Exploring Miami’s Little Havana
By Viator, December 2016
Start your exploration of the neighborhood by wandering down Calle Ocho, the main street of the area with many shops, restaurants, an Arts District and museums. Make sure to also wander the side streets veering off, as there are some worthwhile attractions and monuments of Cuban patriots and freedom fighters on SW 13th street. You’ll become immersed in local culture as you pass locals hand-rolling cigars, hear Latin music filling the streets and watch as elderly men play dominoes and discuss politics. If you’re exploring on your own, opting for a Miami Hop-On Hop-Off Tour with Optional Biscayne Bay Cruise is a smart idea, as for one set price you can visit 20 different attractions without having to worry about navigating unfamiliar transport.

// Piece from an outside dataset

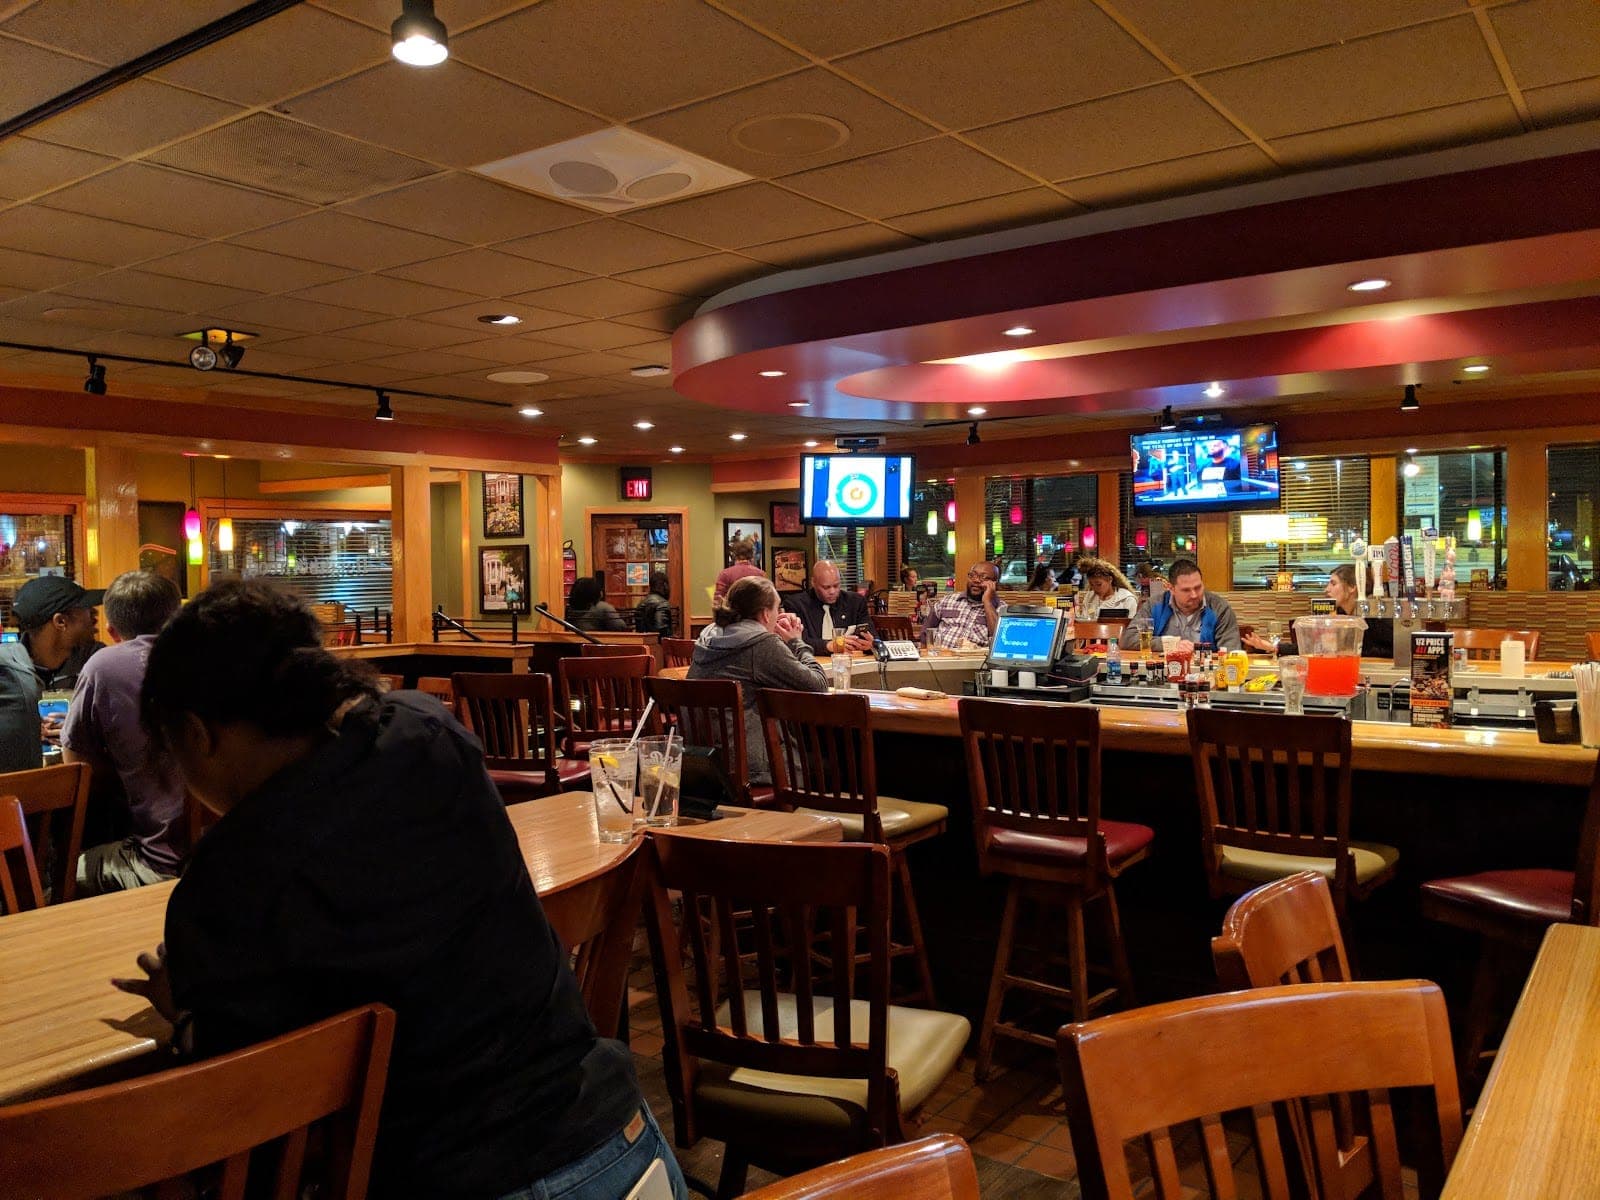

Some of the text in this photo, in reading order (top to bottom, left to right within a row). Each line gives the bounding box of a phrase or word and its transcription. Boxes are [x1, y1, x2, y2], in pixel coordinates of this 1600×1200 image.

If you enjoy cycling, a Little Havana Bike and Food Tour is a fun option. The excursion introduces people to local Cuban culture by stopping at several family-run Cuban restaurants, sampling traditional delicacies like medianoche, a sandwich of pork, ham, mustard, Swiss cheese, and dill pickles that’s popular to eat after midnight, and croquetas, fried breadcrumbed rolls filled with ingredients like ham or chicken, butter and onion. Along with learning about local culture through food, you’ll also visit important landmarks and learn about their relevance to Cuban culture. For example, you’ll visit the El Credito Cigar Factory and watch native cigar rollers hand-rolling La Gloria Cubana cigars on original mahogany wood rolling tables. The Freedom Tower -- downtown Miami’s most enduring landmark -- is also part of the tour. Modeled after the Giralda of Seville, the tower now stands as a memorial to Cuban immigration in the United States. In total, you’ll bike eight miles (13 kilometers).
For those who would rather explore Little Havana on foot, a Little Havana Food and Walking Tour in Miami provides a similar experience, albeit with its own unique offerings. You’ll visit six family-owned restaurants and sample dishes crafted from family recipes, like mamey and flan ice cream, chicken-and picadillo-stuffed plantain cups, guava pastries (pastelito), Cuban coffee, plantain chips (mariquitas), guarapo juice and malanga frita, which is like a sweet potato chip. Along with eating culture, you’ll learn about it through meeting local artists and seeing them work in their studios, watching locals play dominoes in Domino Park, viewing cigar rollers hand-roll Cuban cigars and listening to traditional Latin music.